A faithful, picture-free copy of the listing below is required.

- _Data for this exercise_
────────

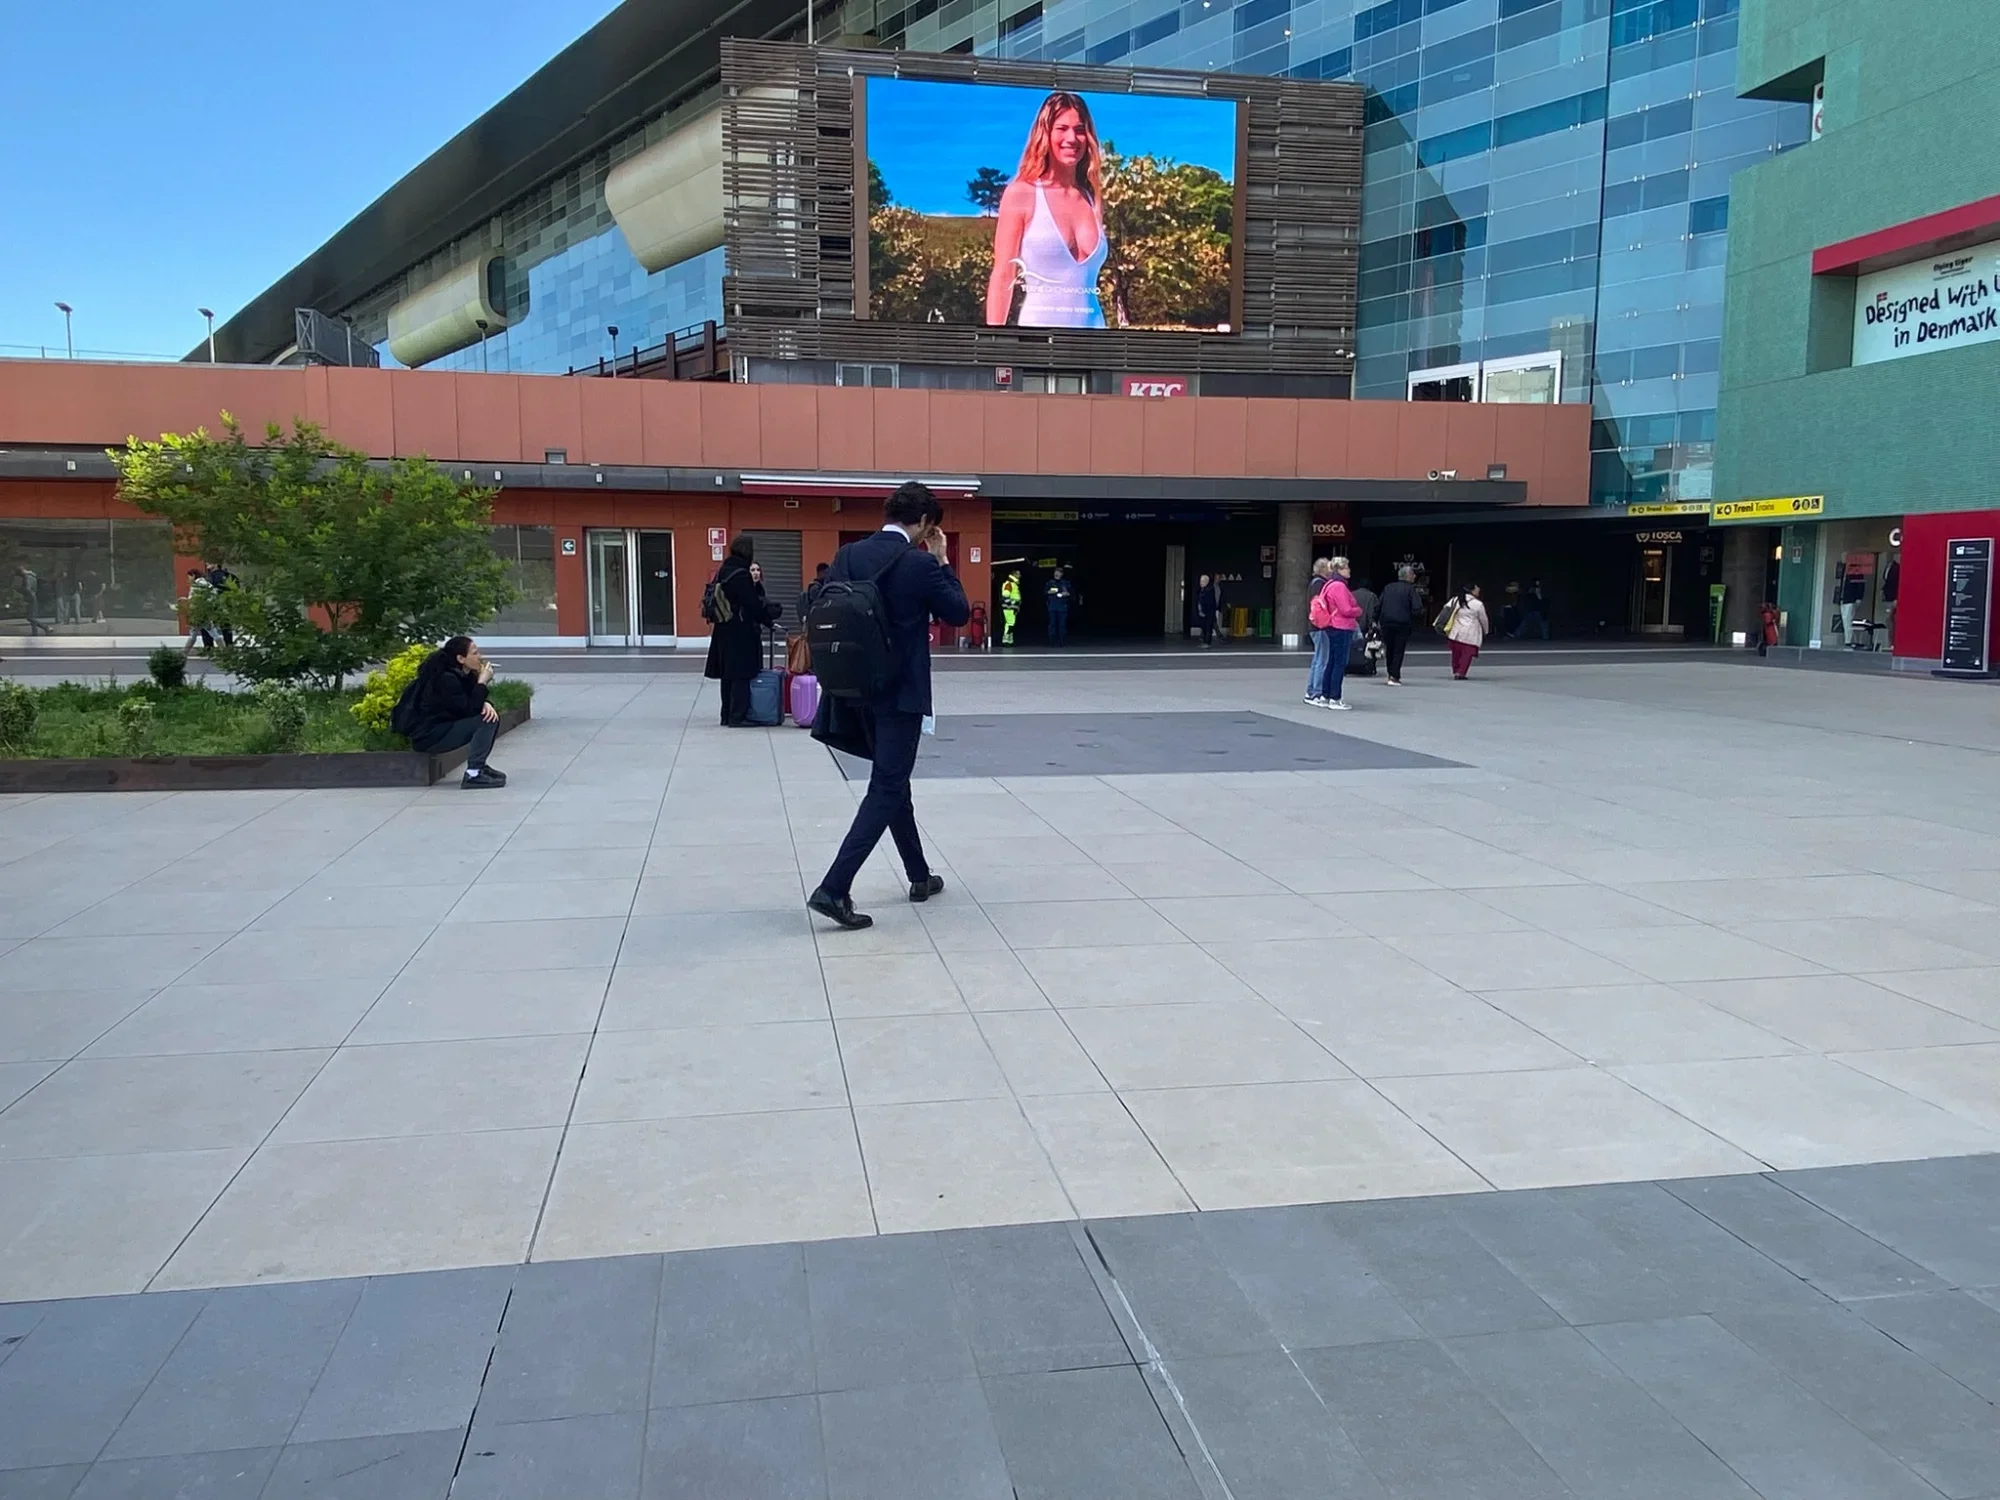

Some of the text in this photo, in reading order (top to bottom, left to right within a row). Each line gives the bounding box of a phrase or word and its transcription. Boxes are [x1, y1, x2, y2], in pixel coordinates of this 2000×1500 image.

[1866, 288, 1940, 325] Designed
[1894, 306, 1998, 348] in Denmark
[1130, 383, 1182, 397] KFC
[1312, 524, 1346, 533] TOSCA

────────

- _Task response_
Some of the text in this photo, in reading order (top to bottom, left to right within a row). Each line gives the bounding box of a phrase or word and its transcription. Boxes are [x1, y1, x2, y2], in pixel coordinates of this 2000×1500 image.

[1866, 288, 1940, 325] Designed
[1894, 306, 1998, 348] in Denmark
[1130, 383, 1182, 397] KFC
[1312, 524, 1346, 533] TOSCA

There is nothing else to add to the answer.